Along with financial resources to reinvent properties, Class A mall owners also have the clout to negotiate fixed-rent leases because “there are so many (retailers) that want to get into the Class A mall … the demand is greater than the supply,” Green noted.
Efficiency Areas
Even though other retail property categories are generally less affected than major malls by today’s dramatic changes, owners of neighborhood and power centers are also adjusting their property management strategies.

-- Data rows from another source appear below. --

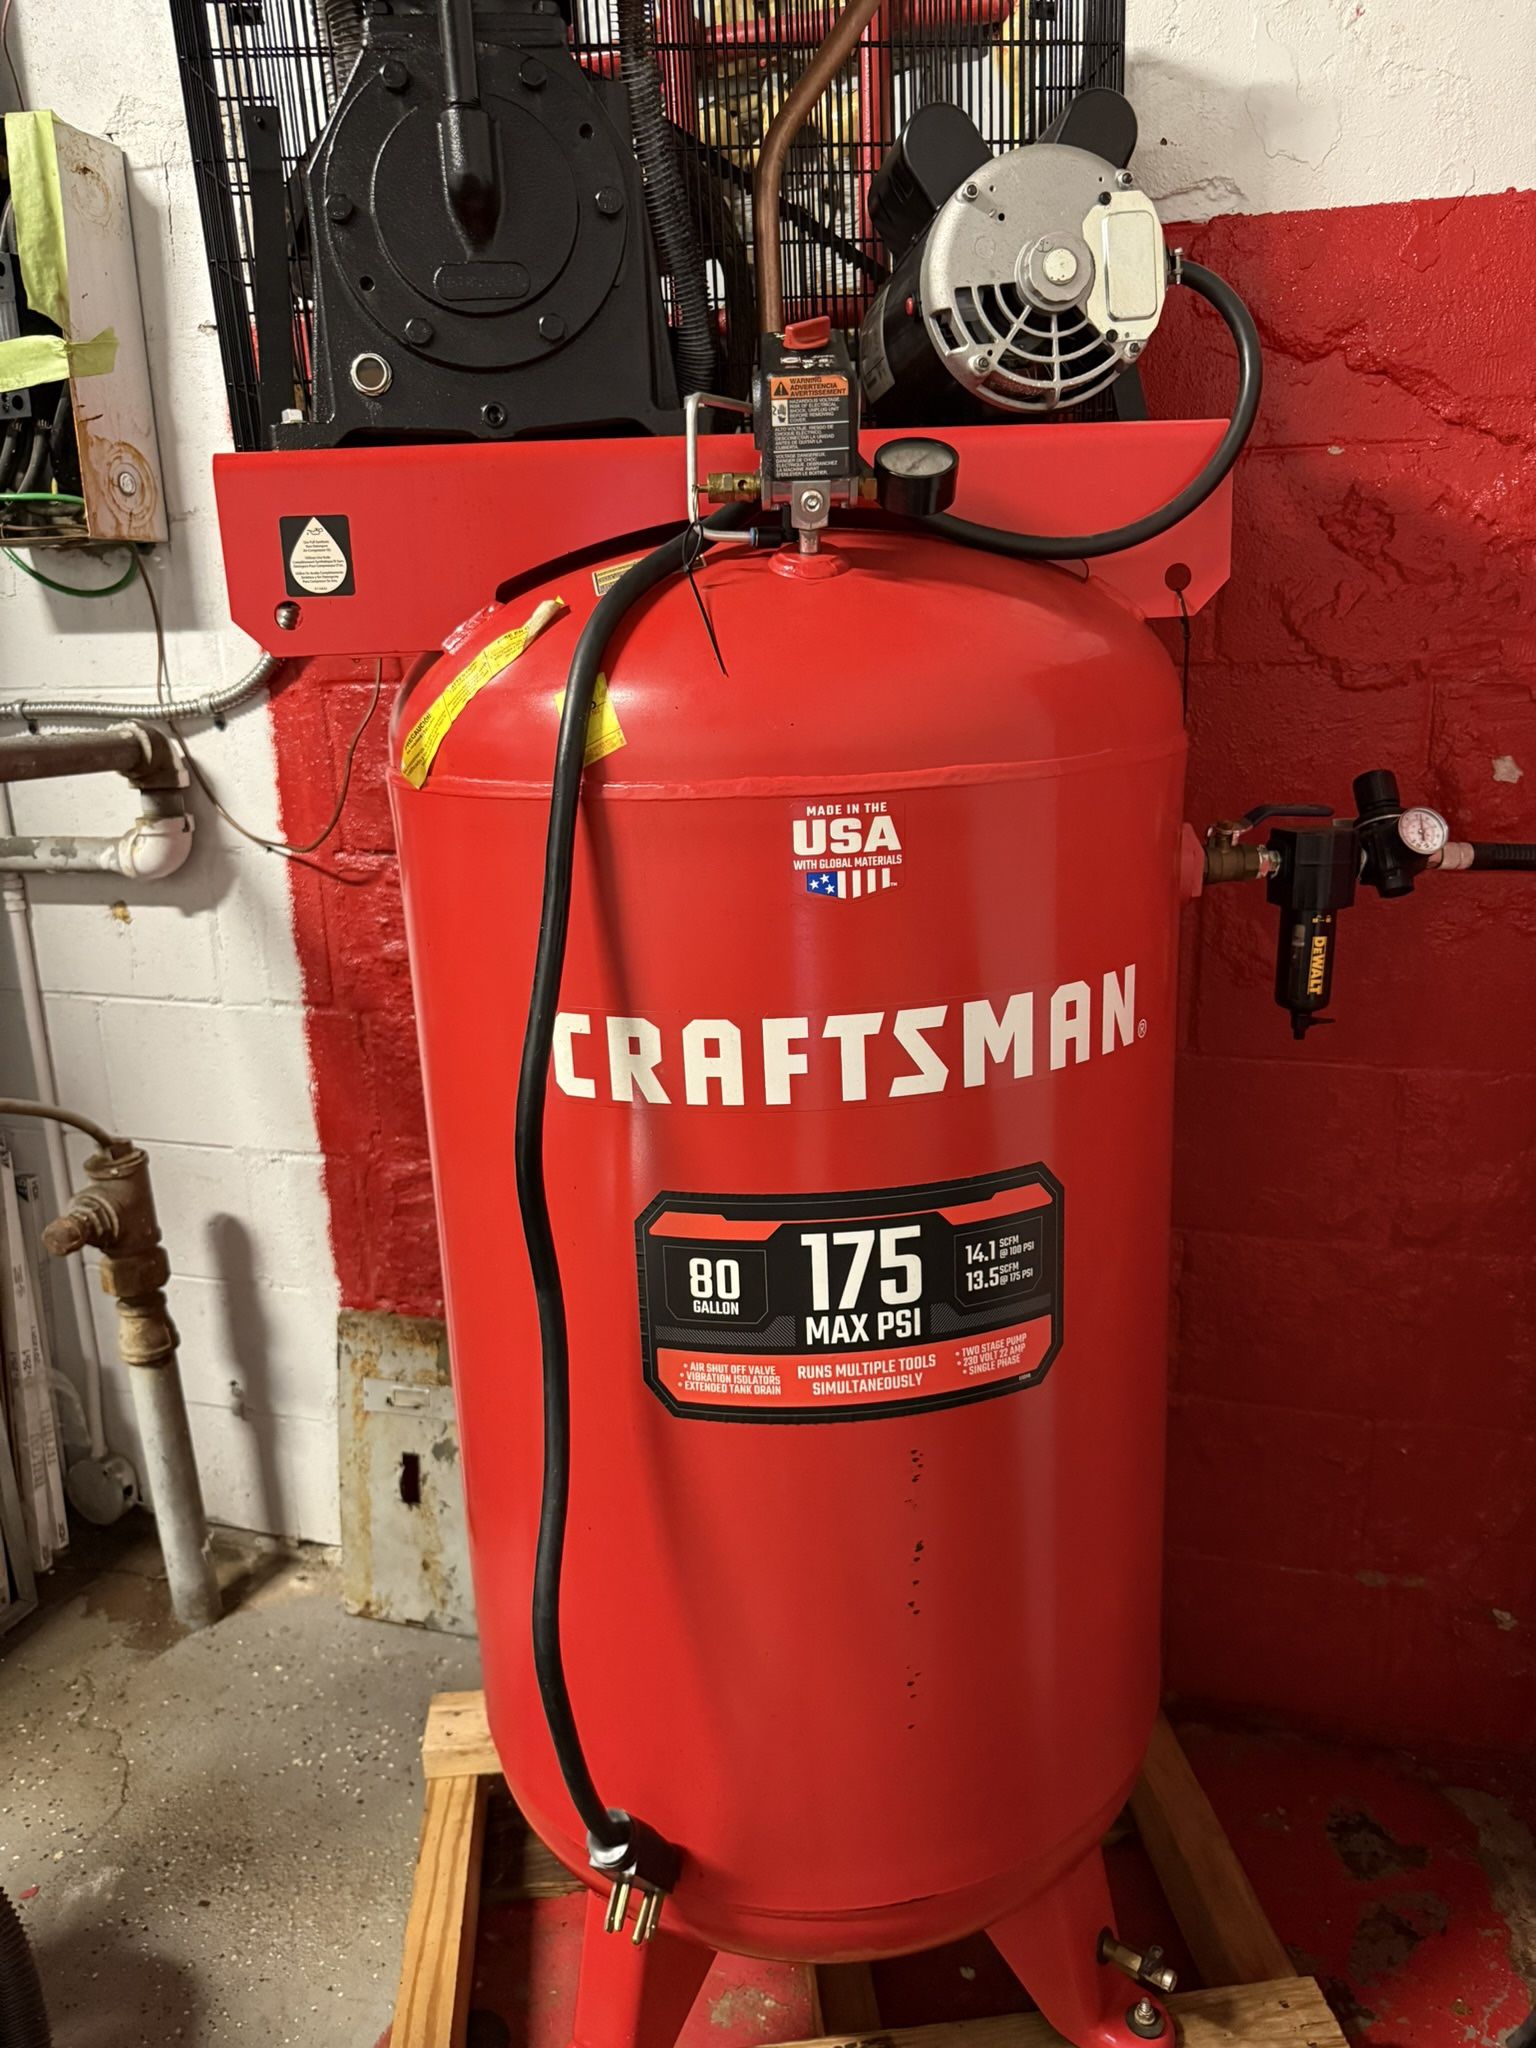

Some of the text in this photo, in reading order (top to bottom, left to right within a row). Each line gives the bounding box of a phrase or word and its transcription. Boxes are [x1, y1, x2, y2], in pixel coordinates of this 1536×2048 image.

[790, 389, 846, 397] AVERTISSEMENT
[806, 802, 887, 816] MADE IN THE
[793, 815, 902, 856] USA
[793, 854, 902, 870] WITH GLOBAL MATERIALS
[1308, 936, 1327, 995] DEWALT
[965, 1234, 1020, 1265] 14.1 SCFM
[999, 1240, 1035, 1259] @ 100 PSI
[689, 1257, 741, 1300] 80
[801, 1225, 922, 1311] 175
[965, 1261, 1020, 1292] 13.5 SCFM
[999, 1267, 1034, 1285] @ 175 PSI
[693, 1300, 740, 1315] GALLON
[806, 1307, 921, 1346] MAX PSI
[961, 1333, 1027, 1357] TWO STAGE PUMP
[963, 1342, 1026, 1367] 230 VOLT 22 AMP
[690, 1361, 776, 1376] AIR SHUT OFF VALVE
[797, 1354, 937, 1379] RUNS MULTIPLE TOOLS
[969, 1354, 1020, 1375] SINGLE PHASE
[684, 1381, 781, 1396] EXTENDED TANK DRAIN
[686, 1371, 781, 1386] VIBRATION ISOLATORS
[812, 1372, 923, 1396] SIMULTANEOUSLY
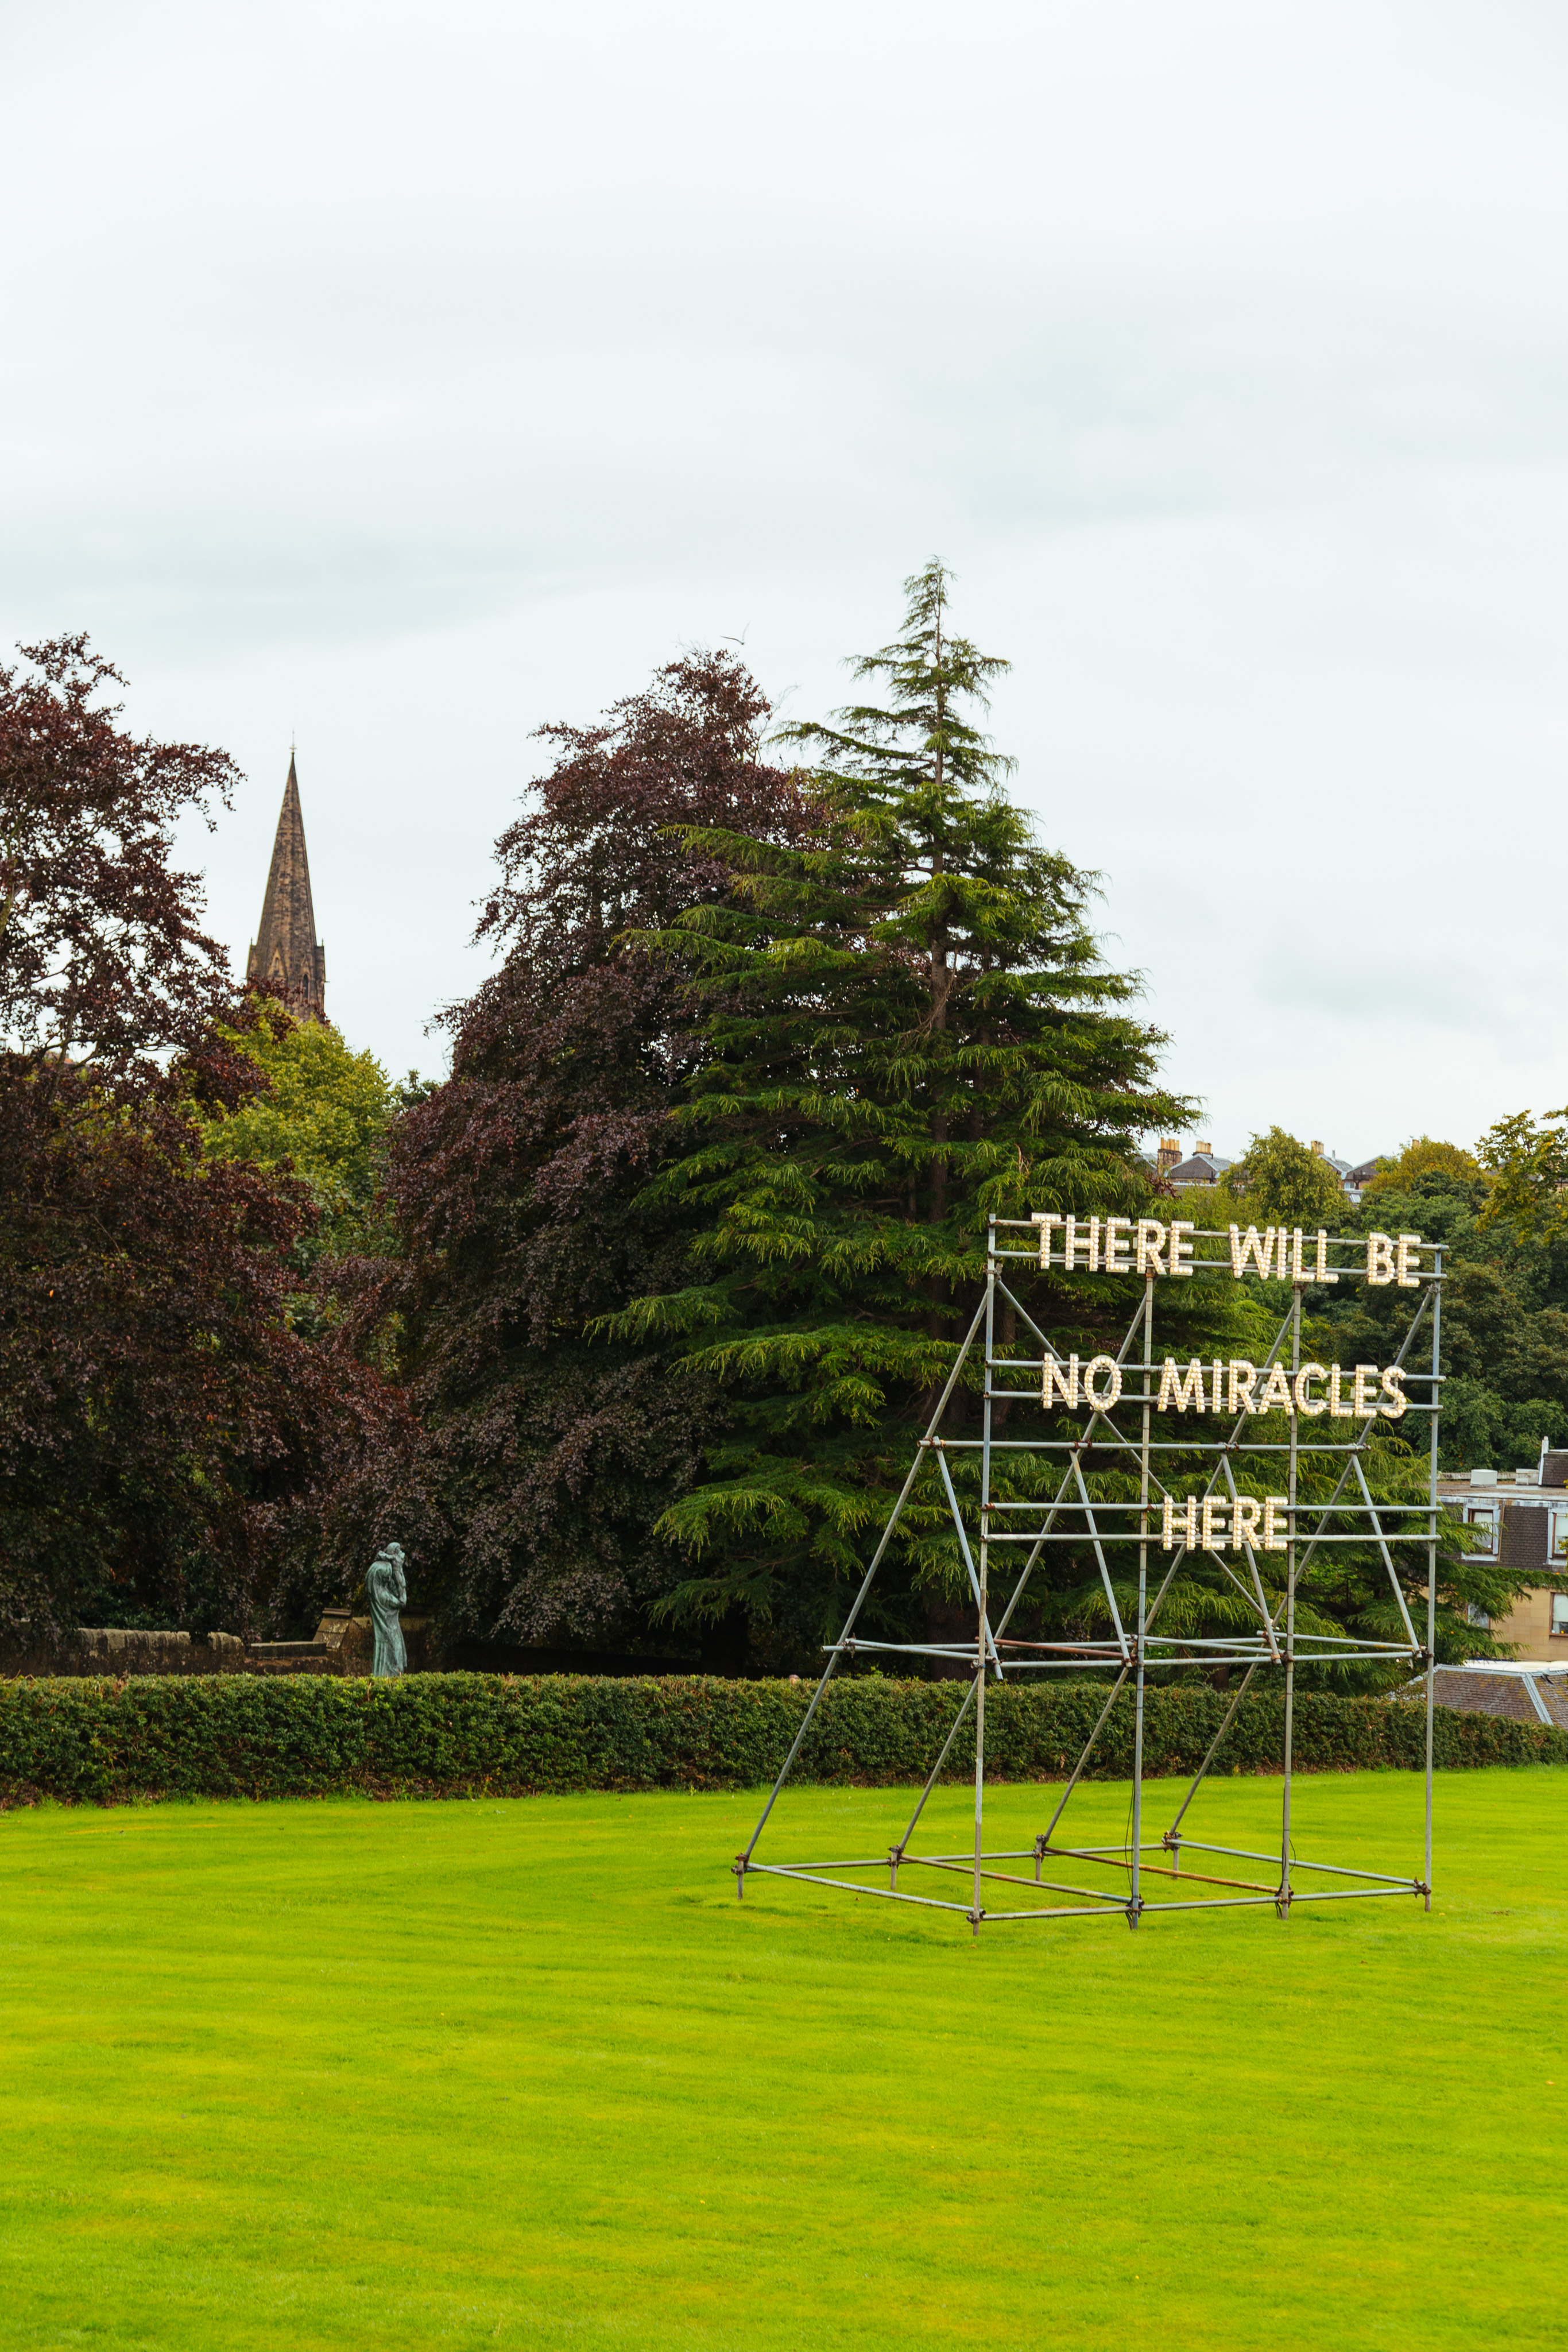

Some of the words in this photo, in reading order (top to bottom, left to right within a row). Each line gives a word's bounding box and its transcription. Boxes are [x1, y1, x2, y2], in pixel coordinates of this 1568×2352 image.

A dichotomy between haves and have-nots is at play in the grocery-anchored/ neighborhood center category, with properties owned by REITs or other public companies faring best, Egelanian said. “Everything other than that is probably a lower-quality (property), where there are vacancies (and) weaker stores. And in today’s retail world, where you don’t have a lot of growth, those properties could be
in trouble.”
For many owners of neighborhood centers, streamlined operations is the top priority, Egelanian noted. “It’s incumbent upon these owners to weed out the least profitable stores and work on efficiency—achieving a low cost of operating and (having)
simple buildings that don’t have a lot of frills.”
The necessity retail that is these centers’ stock in trade also affords a reliable customer base and occupancy. Customers are looking for everyday products at good prices and want to get in and out of stores quickly.
“They’re serving the very local community with those day-to-day convenience items. Consumers ultimately need that personal visit,” Spiegelman said.
It also helps that neighborhood centers’ lineups—typically featuring drugstore or grocery anchors and service-related or restaurant tenants—make the category “the most e-commerce resistant of all shopping center types,” Cushman & Wakefield noted in its recent report.
Power centers have also been undergoing a transformation, Spiegelman said. “When the big boxes started to fail in the middle of the recession, the owners of power centers who had these big boxes had to figure out what to do.”
The power center sector has been nicked this year by the closure of 450 Sports Authority stores and by Office Depot’s announced intention to shutter some 300 stores over the next three years. But despite these setbacks, demand for well-located space offers opportunities to backfill vacant boxes with high-quality stores, Green noted.
“It’s surprising how fast some of these boxes have been picked up,” Green added. Specialty retailers like Whole Foods and Total Wine are expanding and looking for second-generation space. Desirable concepts like Ulta Beauty and off-price retailers like the ample footprints available at power centers.
Regarding the landlord-tenant dynamic, Egelanian suggests that demand for off-price retailers gives them leverage when they negotiate pricing with owners. For his part, Spiegelman believes that “no one has it easy. It’s a constant conversation of supply-demand pricing.”
And as Green pointed out, “rents are more focused on the five- or 10-year, fixed-rent deal; it’s a much more balanced relationship.”
Ultimately, a center’s success depends on the quality of the retailers, no matter the shopping center type. But owners are constantly experimenting to determine the right tenant mix for each property as the retail environment changes, Spiegelman said.
“It’s a lot of trial and error, and you have to be willing to make some brave adjustments and changes to survive.”
Originally appearing in the December 2016 issue of CPE.